Good one. Finally.
But I can’t remember when I last got excited. I have amnesia and I still can’t get disability. Ha. Oh, back to the question.
I got excited about something today. Oh, I made a sale from my online shop—a digital product. It would have been more exciting if I hadn’t thought I made two sales yesterday. But it was only one. And then today, I had another sale. So, I’m a little excited because now I really have two sales.
I’m having a “flash sale” with nine other people. I do this about two times a year, but usually, I just give stuff away for free. So, I’m glad I tried to sell something. I also gave away free stuff, and two people decided to buy something. It was very discounted—80% off. Two orders can get me almost two tacos and Taco Bell. Almost.
If I hadn’t signed up for this sale at the end of July that, I wouldn’t be working so much this week, but other people control my time. I don’t get a month’s notice for required overtime. We haven’t had required overtime in months. More than 6 months. So, I’m supposed to not schedule anything because someone decides we MIGHT have overtime? How is that rational? Or ethical If a person can’t work that much?
They would stay up until midnight to get things done. But I can’t do that. I’ve been working all day, and my brain shuts down around 7 or 8 PM. I don’t control my time or when my brain shuts down. I wanted to participate in another flash sale in November, but I can’t imagine putting in so much work for maybe $18 (if lucky). I probably won’t do another until 2025.
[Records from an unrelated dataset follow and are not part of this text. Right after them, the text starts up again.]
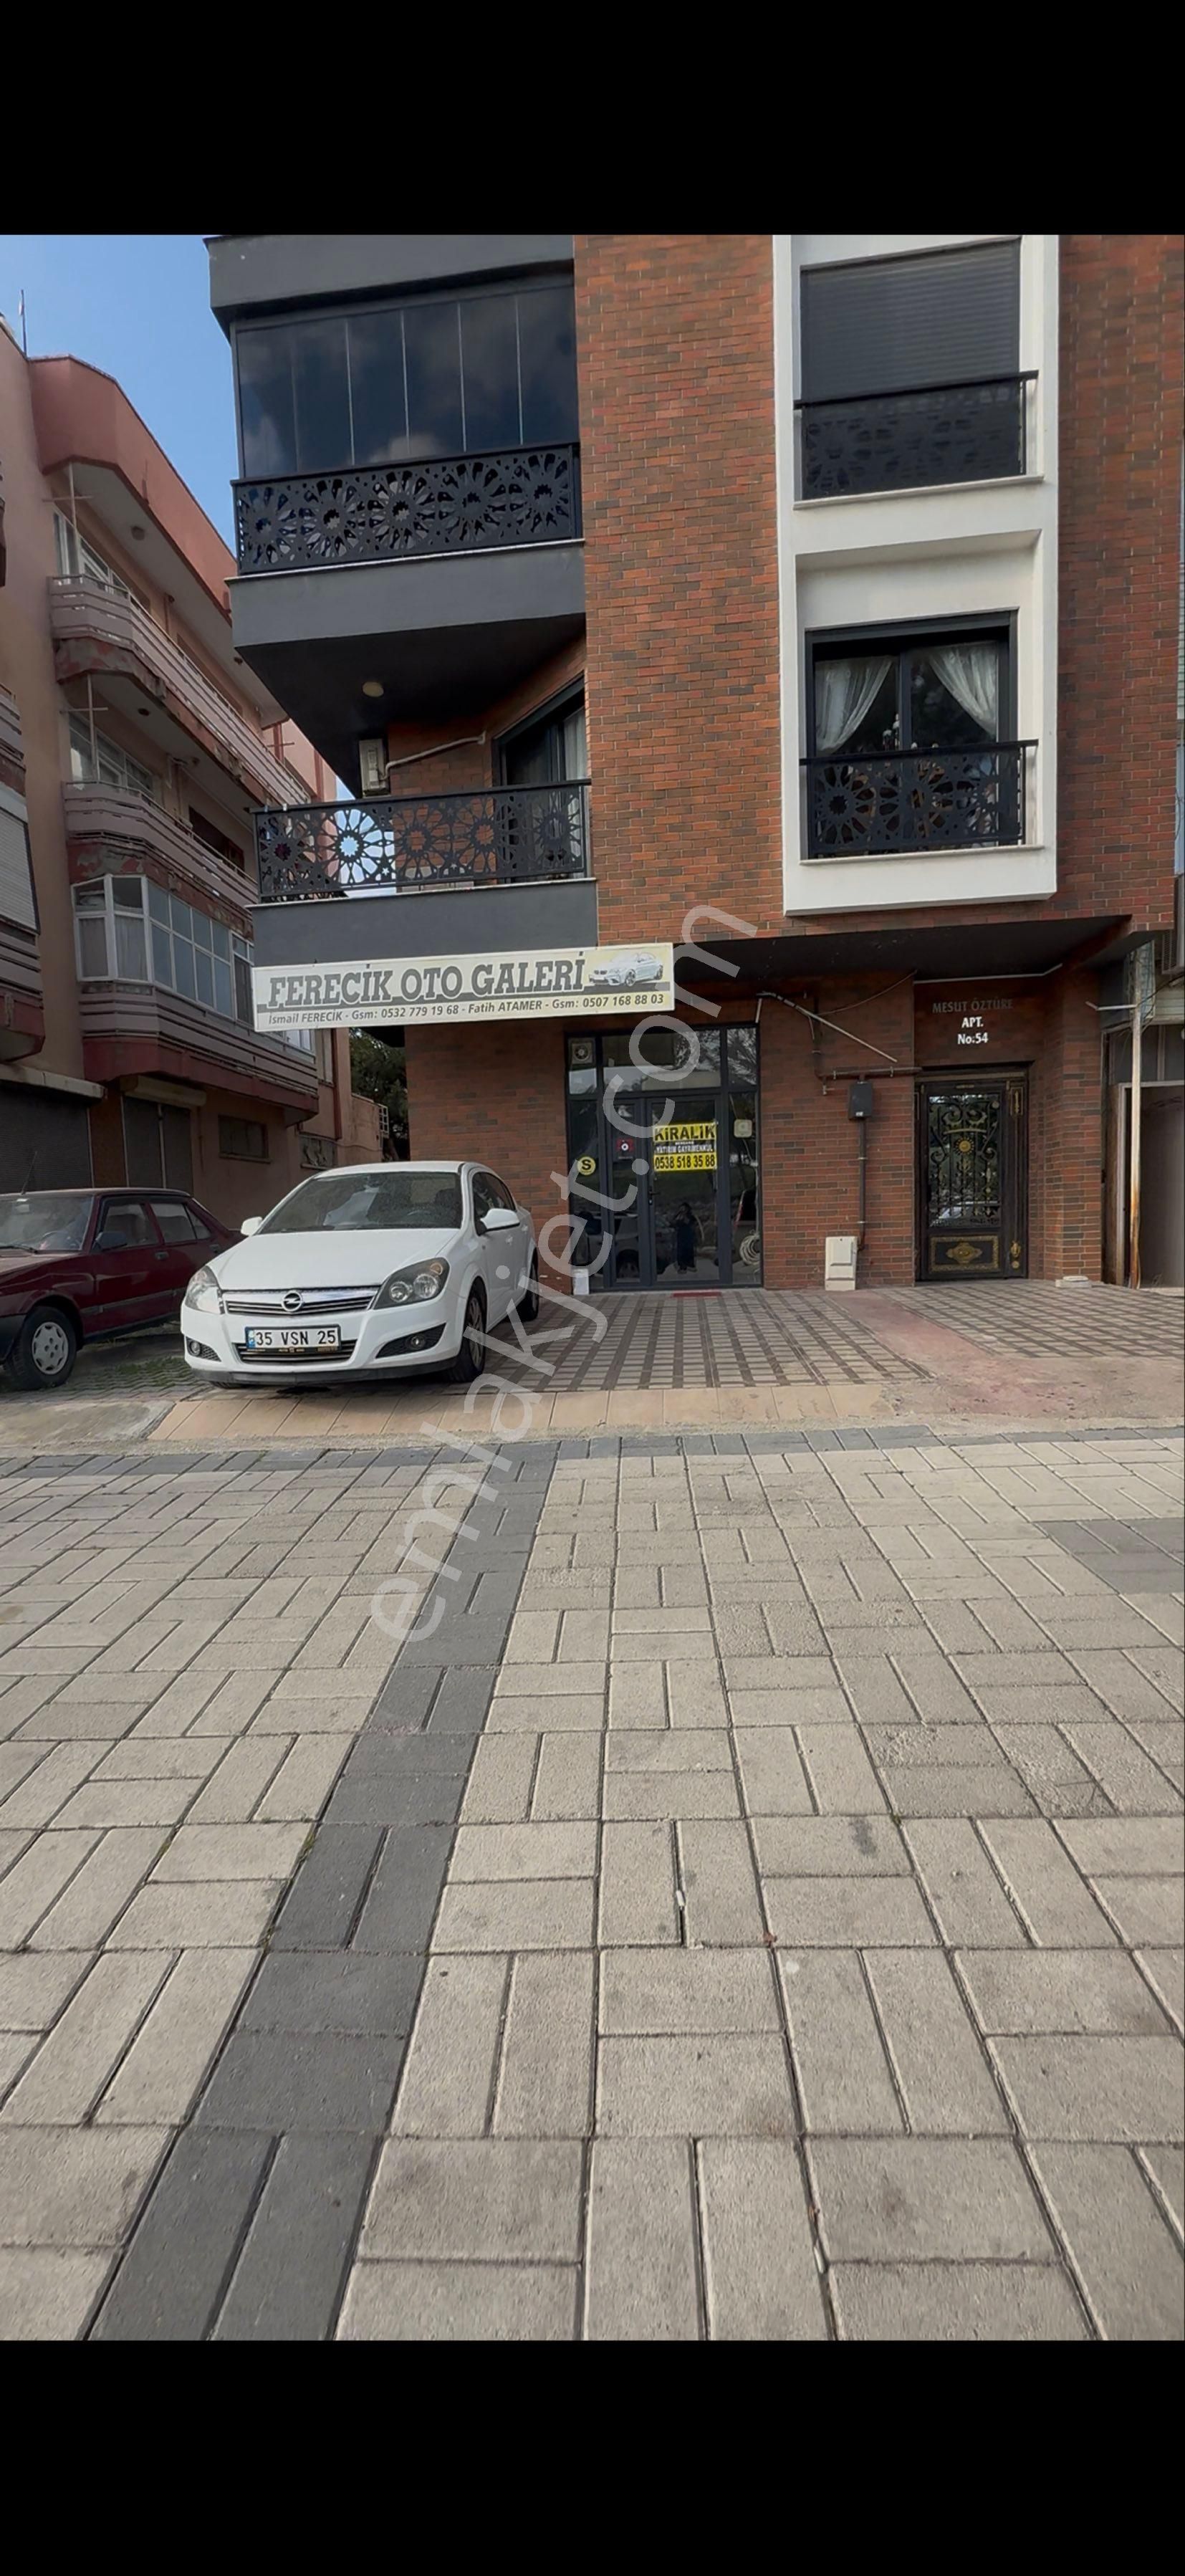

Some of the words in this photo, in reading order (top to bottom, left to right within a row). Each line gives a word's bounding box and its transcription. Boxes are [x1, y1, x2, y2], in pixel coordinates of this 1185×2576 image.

[268, 963, 393, 1006] FERECİK
[400, 965, 462, 1000] OTO
[471, 951, 586, 995] GALERİ
[301, 1008, 342, 1023] FERECİK
[352, 1010, 378, 1020] Gsm:
[381, 1007, 406, 1018] 0532
[409, 1006, 427, 1017] 779
[431, 1005, 443, 1015] 19
[446, 1005, 459, 1015] 68
[468, 1003, 494, 1014] Fatih
[498, 1000, 542, 1012] ATAMER
[552, 999, 578, 1009] Gsm:
[582, 997, 608, 1007] 0507
[613, 995, 631, 1006] 168
[635, 995, 647, 1005] 88
[651, 994, 664, 1004] 03
[932, 1002, 967, 1013] MESUT
[961, 1017, 984, 1028] APT.
[957, 1033, 988, 1045] No:54
[581, 1159, 592, 1171] S
[655, 1157, 675, 1169] 0538
[676, 1156, 691, 1168] 518
[693, 1155, 704, 1167] 35
[705, 1154, 716, 1167] 88
[256, 1332, 273, 1346] 35
[281, 1331, 310, 1345] VSN
[317, 1330, 336, 1344] 25
This is my brain on a typical Friday. But I still have to work because people pretend, they don’t see mental disabilities. It’s a whole thing that people pretend not to understand. I find this annoying because it is ruining my life. But whatever.
I can’t think but I can see as of 5 PM. Last Friday my brain and vision were gone. My eyesight will probably be gone in a couple of minutes or hours. I can feel it slipping away. I want to say I’m going to work 90 minutes tonight but not without my vision. I’m already slightly familiar with screen readers for people with low vision or no vision, but my jobs are timed based so there’s no way a screen reader would work.
No, the ADA doesn’t help with stuff like that. What the ADA does is very, very limited. People with a disability and employers know this. Only everyone else thinks it means something. To oversimplify, it means if you want to open a store or a restaurant you will probably have to have a ramp, and your door must be wide enough for a wheelchair. Some small businesses can get out of it, but I’m not the one to know about this. This is what the magical ADA is.
I can tell someone doesn’t know about the ADA if they mention the ADA. My last therapist mentioned it. BIG SIGH. I was surprised. Apparently, people with disabilities don’t go to therapy even though society makes sure our lives are a living hell. Please never mention the effing ADA that they had to pass a AS A LAW because businesses don’t care about us. At all. It has never helped me.
I only talk about this stuff because people constantly lie. If people were honest, I would be fine. Just say it.
I think I’m going to try to work this evening before I really lose my vision. My brain is not great so if I get frustrated, I will have to do more over the weekend. I would love to know what’s it like to have a weekend and be happy for a Friday. It’s been a long time.